Your objective: The records below need to be set down again exactly; their images stay out.

(Records from a data collection)
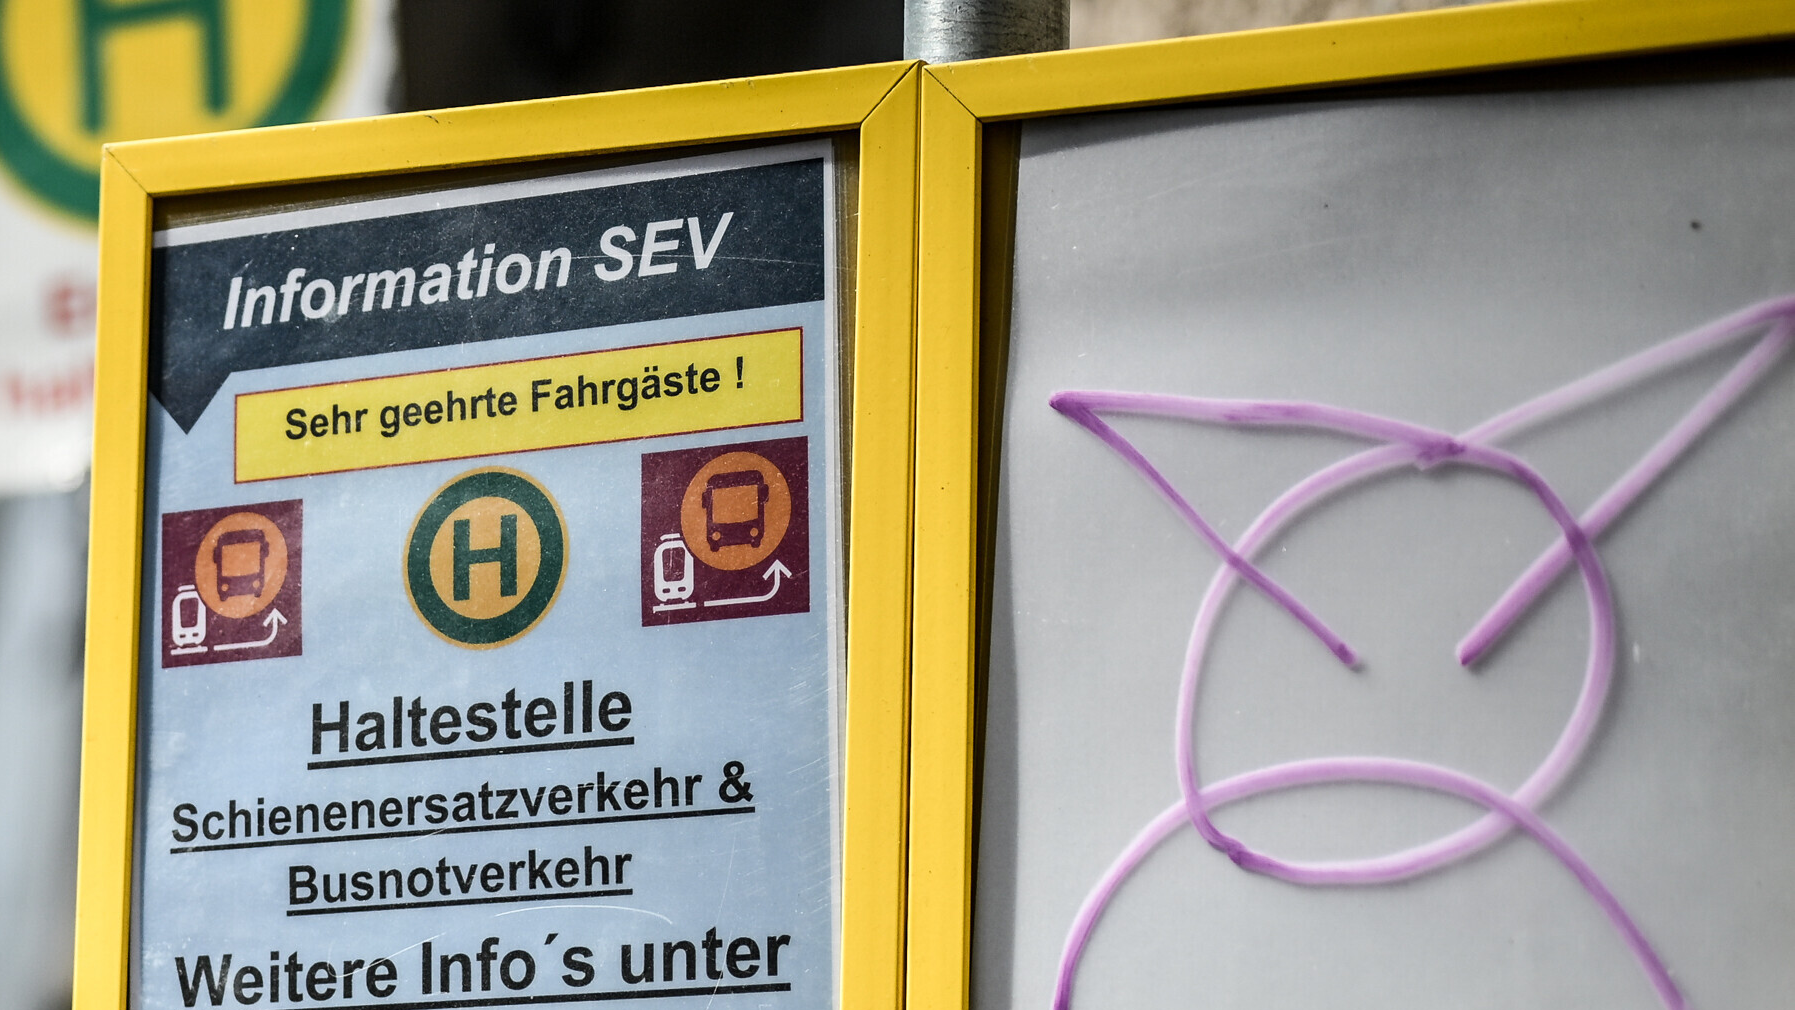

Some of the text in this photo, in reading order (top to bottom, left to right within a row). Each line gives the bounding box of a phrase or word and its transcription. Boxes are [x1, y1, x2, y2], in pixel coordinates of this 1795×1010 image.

[223, 211, 735, 331] Information SEV
[284, 356, 745, 441] Sehr geehrte Fahrgäste !
[453, 514, 517, 601] H
[310, 680, 634, 756] Haltestelle
[171, 760, 755, 842] Schienenersatzverkehr &
[287, 846, 634, 906] Busnotverkehr
[174, 952, 399, 1010] Weitere
[620, 928, 791, 985] unter

Solution to the exercise:
Some of the text in this photo, in reading order (top to bottom, left to right within a row). Each line gives the bounding box of a phrase or word and its transcription. Boxes are [x1, y1, x2, y2], in pixel coordinates of this 1795×1010 image.

[223, 211, 735, 331] Information SEV
[284, 356, 745, 441] Sehr geehrte Fahrgäste !
[453, 514, 517, 601] H
[310, 680, 634, 756] Haltestelle
[171, 760, 755, 842] Schienenersatzverkehr &
[287, 846, 634, 906] Busnotverkehr
[174, 952, 399, 1010] Weitere
[620, 928, 791, 985] unter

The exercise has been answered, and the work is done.